Italian coffee, a favorite beverage is pungent and dark-roasted. Demitasse coffee (café espresso) is taken black, with sugar. Coffee or tea to follow the meal; neither is ever served with a meal. Fruit syrups, sodas, and colas are popular soft drinks.

Italian cookery has its origins in Greek, Middle Eastern, and Roman cuisine. The Romas, who enjoyed good food, adopted many of the food habits of their slaves—for example, the use of spices and sweet sour sauces for game and vegetables came from the Middle East.

Through the centuries, Italian cooking reached heights of refinement. In 1533, when Catherine de’ Medici married the French dauphin Henry (who later became King Henry the II), she took to the French court her skilled Italian cooks. They astounded the French with their cakes, cream puffs, and ices and with their refined methods of preparing meats. They also introduced unknown vegetables to the French, such as artichokes, broccoli, and peas. This Italian influence marked the beginning of the haute cuisine of France.

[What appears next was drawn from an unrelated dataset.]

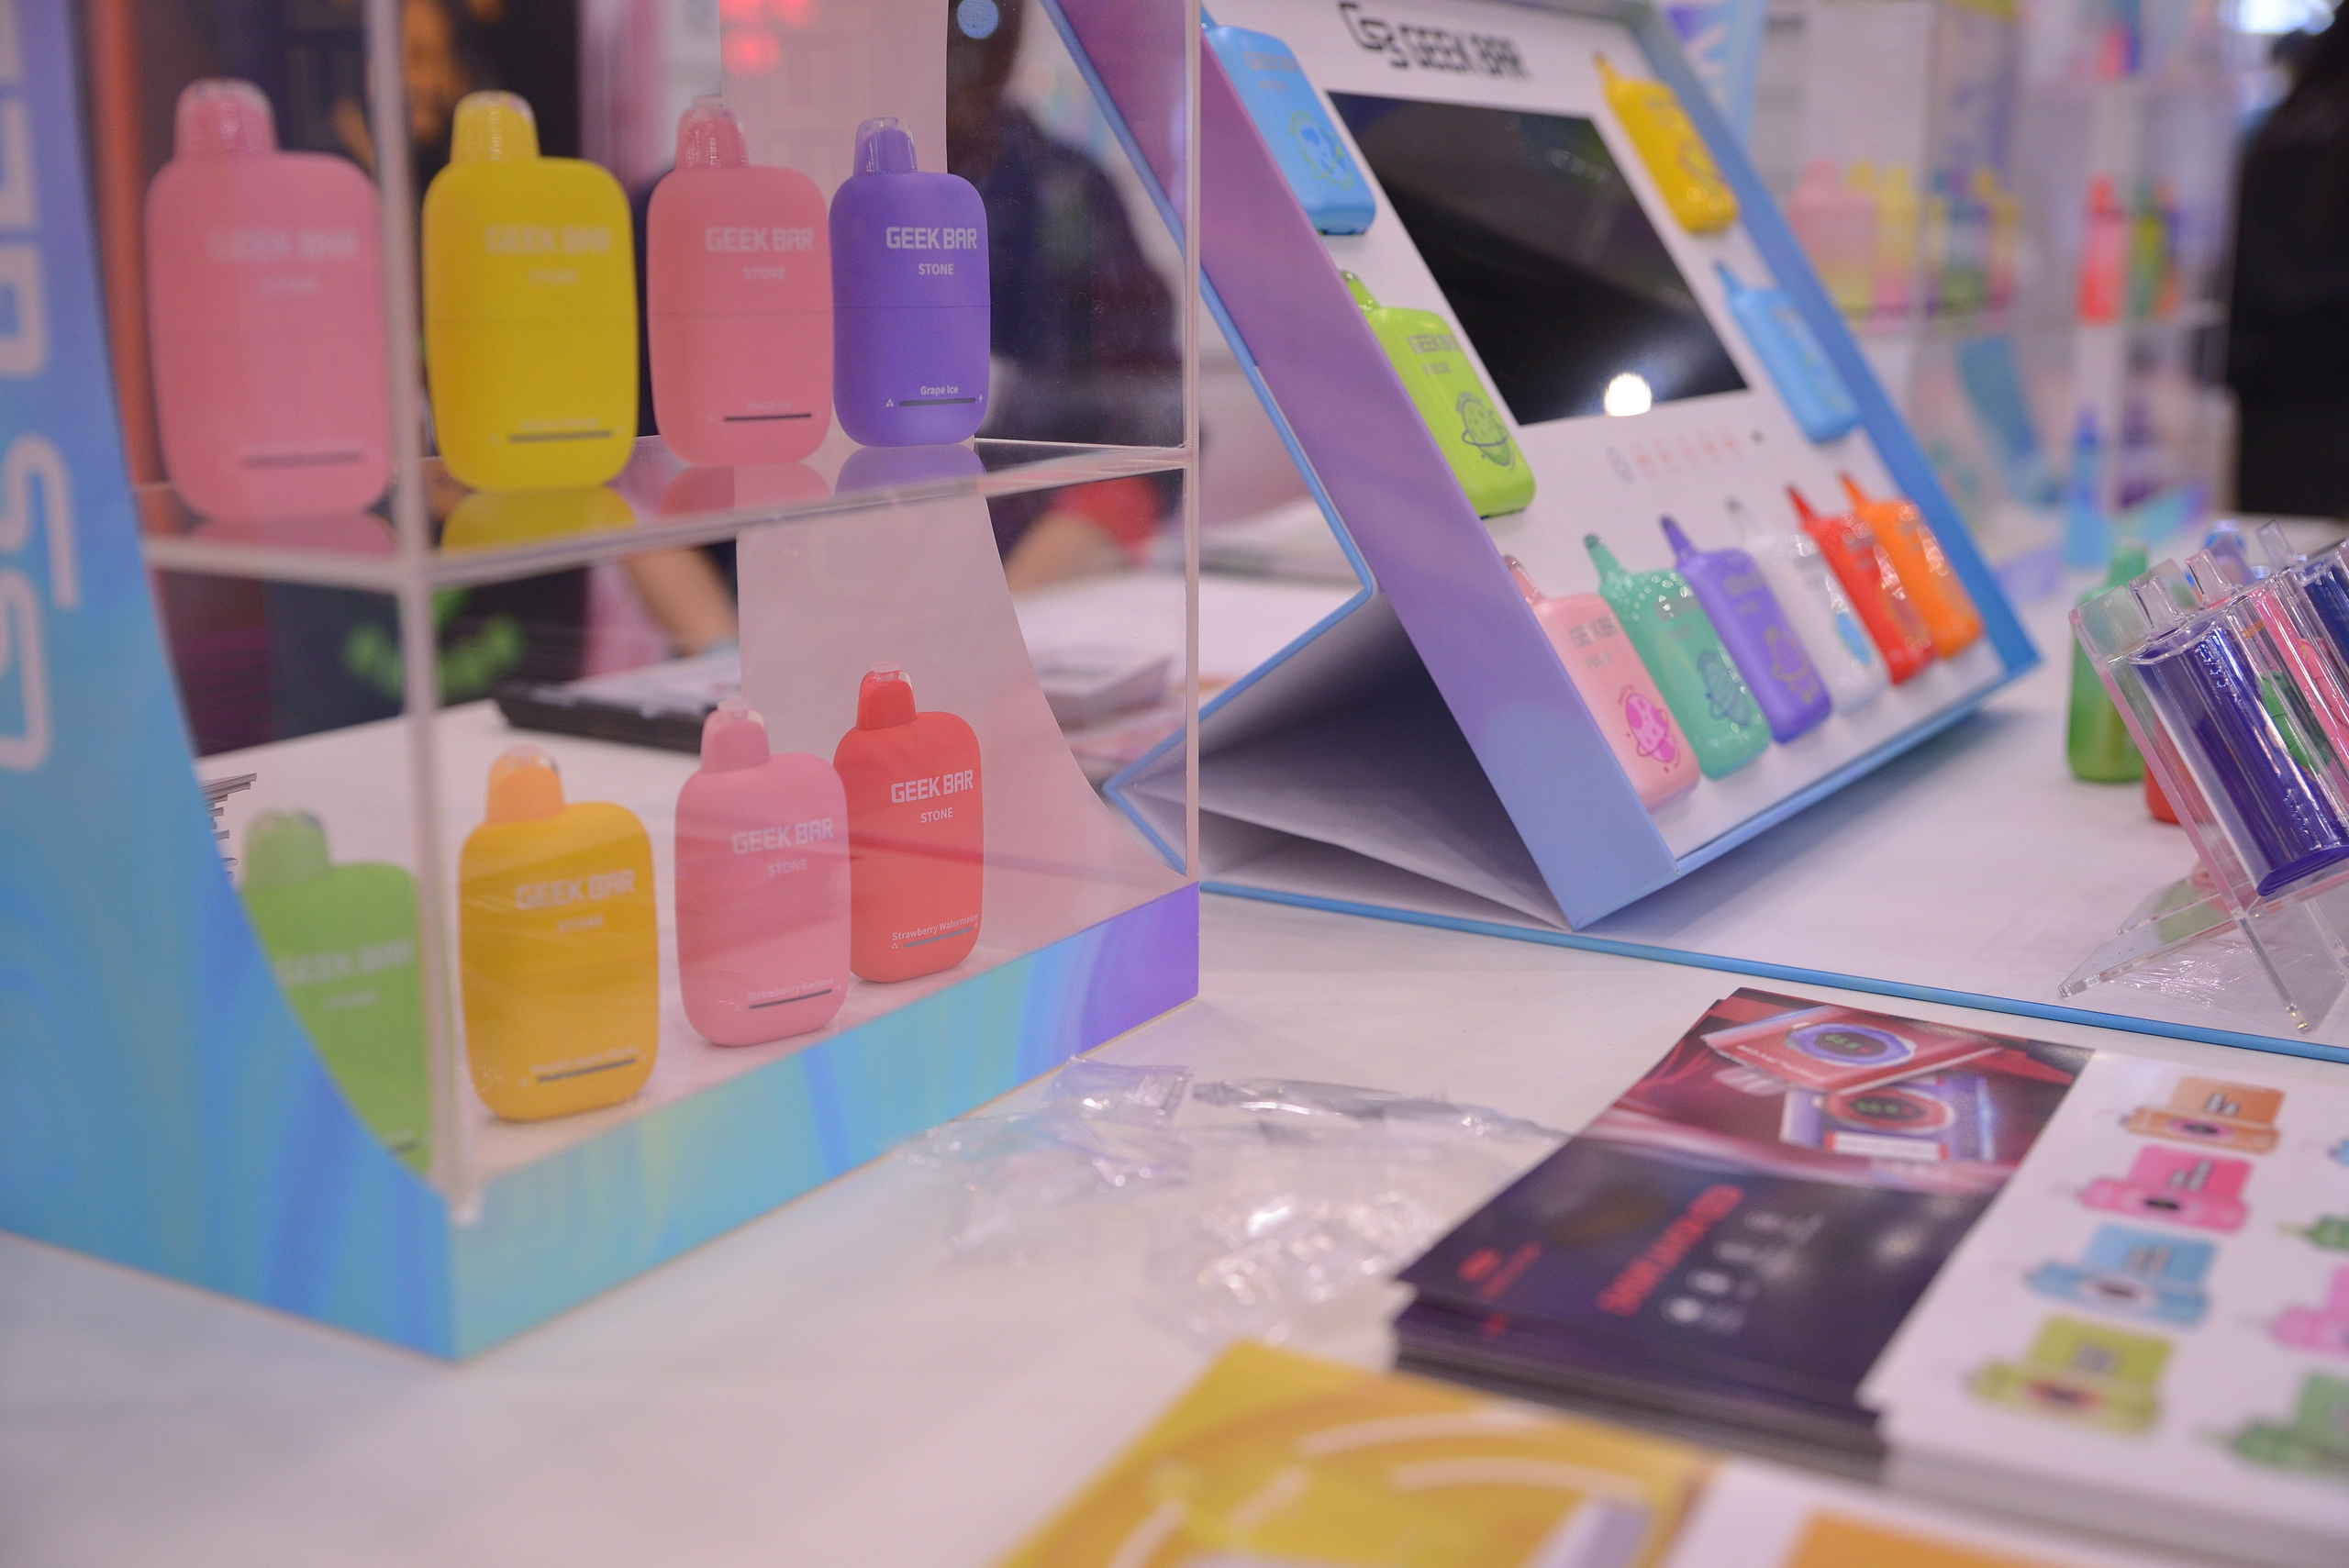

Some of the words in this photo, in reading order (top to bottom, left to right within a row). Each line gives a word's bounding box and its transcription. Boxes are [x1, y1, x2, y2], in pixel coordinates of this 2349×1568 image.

Simple, exquisitely prepared dishes are Italy’s contributions to the world of good food. Italian restaurants, which serve basically the same foods that are cooked at home, though more subtly prepared, are best known for their pasta dishes. These include slender linguine with clam sauce, green spinach noodles, and broad lasagna stacked with multiple layers of various cheeses, meat and tomato sauce. Thin veal scalloppine, cooked for a few minutes in butter and sprinkled with lemon juice, and veal Parmigiano, a breaded cutlet topped with Parmesan cheese, are other international favorites. The most popular Italian dessert is zabaglione, a wine-flavored custard. Spumoni and tortoni, Italian ice creams are also popular.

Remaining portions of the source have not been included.